The USS Kearsarge allows training by aircraft such as AV-8B Harriers, UH-1 Y Venom and AH-1Z Viper helicopters as well as MV-22 Osprey aircraft.

3. The US Ambassador to Moscow leaves after completing his post

US Ambassador to Russia John Sullivan left Moscow on Sunday after completing his term, the diplomatic mission said in a statement.

“The Ambassador to the Russian Federation, John J. Sullivan, completed his term as Representative of the United States and left Moscow today,” the embassy said. Sullivan had been appointed ambassador to Moscow in December 2019.

“After his departure, he will end his career in the public service which will have lasted four decades and less than five [US] presidents,” he added.

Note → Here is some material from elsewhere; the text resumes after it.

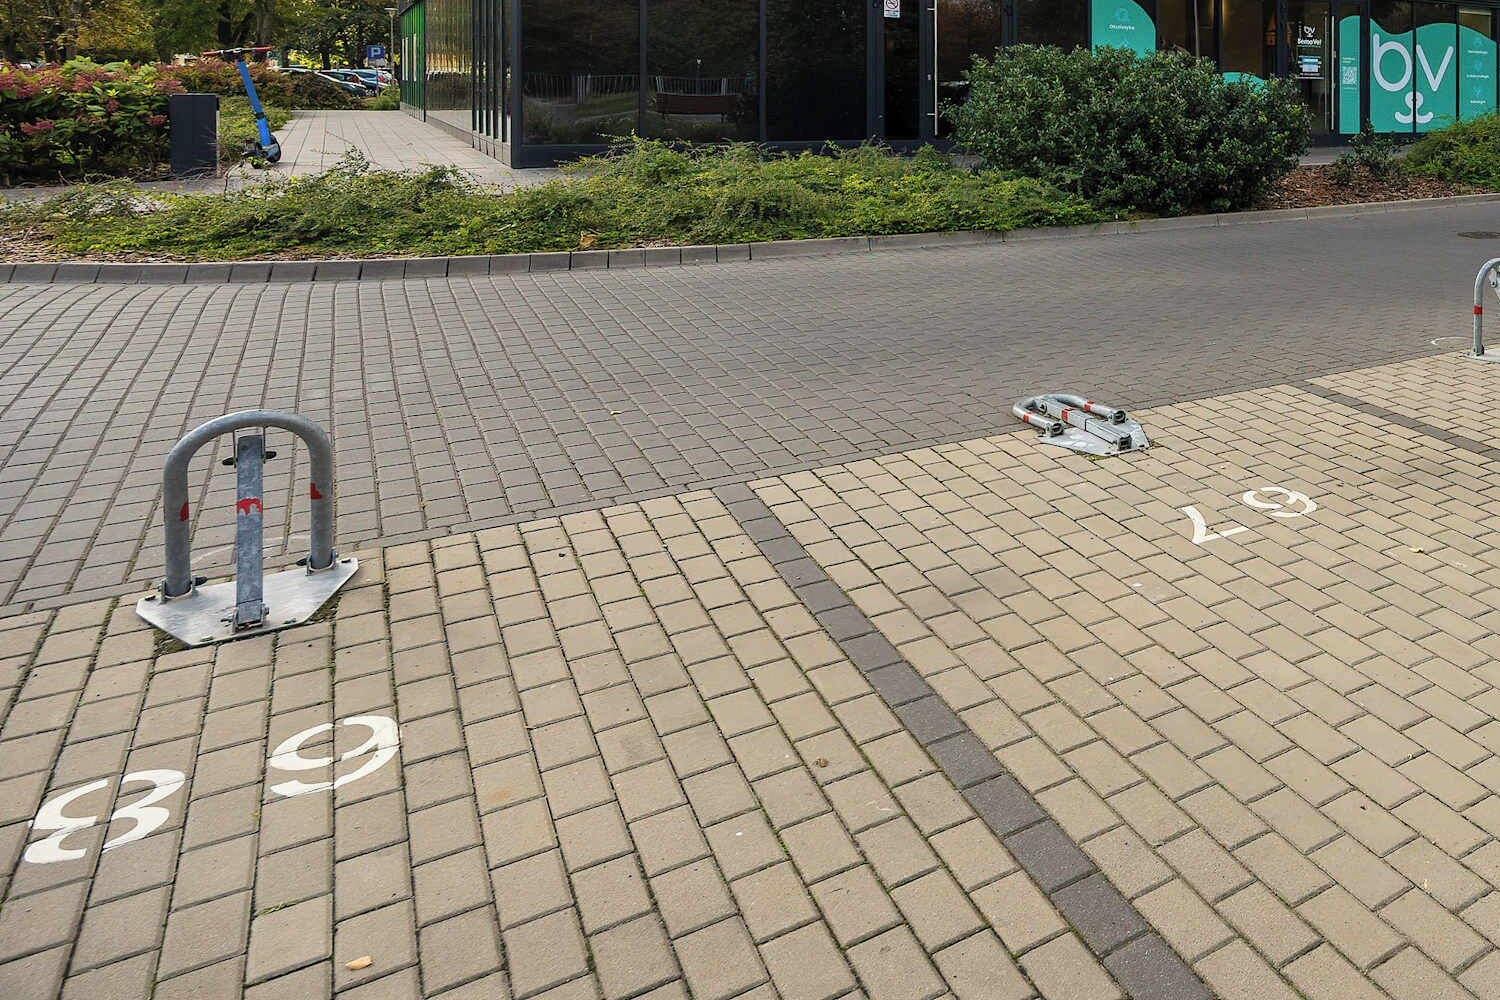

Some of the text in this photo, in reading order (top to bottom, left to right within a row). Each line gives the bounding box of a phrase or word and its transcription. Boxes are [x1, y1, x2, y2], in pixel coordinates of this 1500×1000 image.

[370, 47, 382, 58] P
[1181, 486, 1318, 545] 67
[23, 715, 400, 864] 68

The 62-year-old man from Boston notably served as Assistant Secretary of State under Donald Trump. He has held several positions in the Departments of Justice, Defense and Commerce in the United States.

Another embassy staffer, Elizabeth Rood, will assume the role of charge d’affaires until Sullivan’s successor arrives, the embassy said. They did not give further details.

Sullivan’s departure comes at a time when relations between the United States and Russia are experiencing the worst turbulence since the Cold War.

The U.S. Embassy in Moscow has been at the forefront of diplomatic efforts to secure the release of U.S. citizens detained in Russia, such as basketball player Brittney Griner, who was sentenced last month to nine years in prison for “drug traffic”.

4. Berlin is waging a “hybrid war” against Moscow, according to Medvedev

Former Russian President Dmitry Medvedev on Sunday accused Germany of waging a “hybrid war” against Russia, which he says justifies cutting off Russian gas supplies to the country.

The statements come as relations between Germany and Russia, already fractured by the war in Ukraine, are becoming even more distorted, with Moscow suspending gas deliveries via the Nord Stream pipeline.

“German Chancellor Olaf Scholz says Russia is no longer a reliable energy supplier,” Medvedev said. “First, Germany is a hostile country, second, it has imposed sanctions on the entire Russian economy…and it is delivering deadly weapons to Ukraine.”

“In other words, she [Germany] declared a hybrid war against Russia,” he continued. “Germany is behaving like an enemy of Russia…and this uncle [Scholz] is surprised that the Germans have small problems with the gas.”

Russian energy giant Gazprom has suspended gas deliveries through the Nord Stream pipeline indefinitely, officially due to an oil leak on a turbine.

Many European officials believe Moscow is harnessing the energy to blackmail countries over their support for Ukraine ahead of what promises to be a tough winter.

Although heavily dependent on Russian energy, Germany “will be able to cope this winter”, Scholz said on Sunday.

Russian authorities blame European leaders for gas supply problems, saying sanctions imposed on Moscow have prevented it from servicing the Nord Stream pipeline.

5. Russian shells rain down on Ukrainian port city and Kharkiv

Russian shelling hit the port city of Mykolaiv in southern Ukraine overnight, damaging a medical center, the city’s mayor said on Sunday.

Mykolaiv and its surroundings were hit daily for weeks during the six-month war.

On Saturday, a child was killed and five people were injured in rocket attacks in the area, Governor Vitaliy Kim said.

Mykolaiv city mayor Oleksandr Senkevych did not say whether there were any injuries in the nighttime attack, which he said also damaged some houses.

Mykolaiv, on the Southern Bug River about 30 kilometers (20 miles) upstream from the Black Sea, is a major port and center for shipbuilding.

In Kharkiv, Ukraine’s second city, Russian shelling set fire to a large wooden restaurant complex on Saturday evening, according to the region’s emergency services.

One person was killed and two injured in shelling in the area, Governor Oleh Syniehubov said.

Pavlo Kyrylenko, governor of the eastern Donetsk region where Russian forces are trying to take full control, said four people were killed in shelling on Saturday.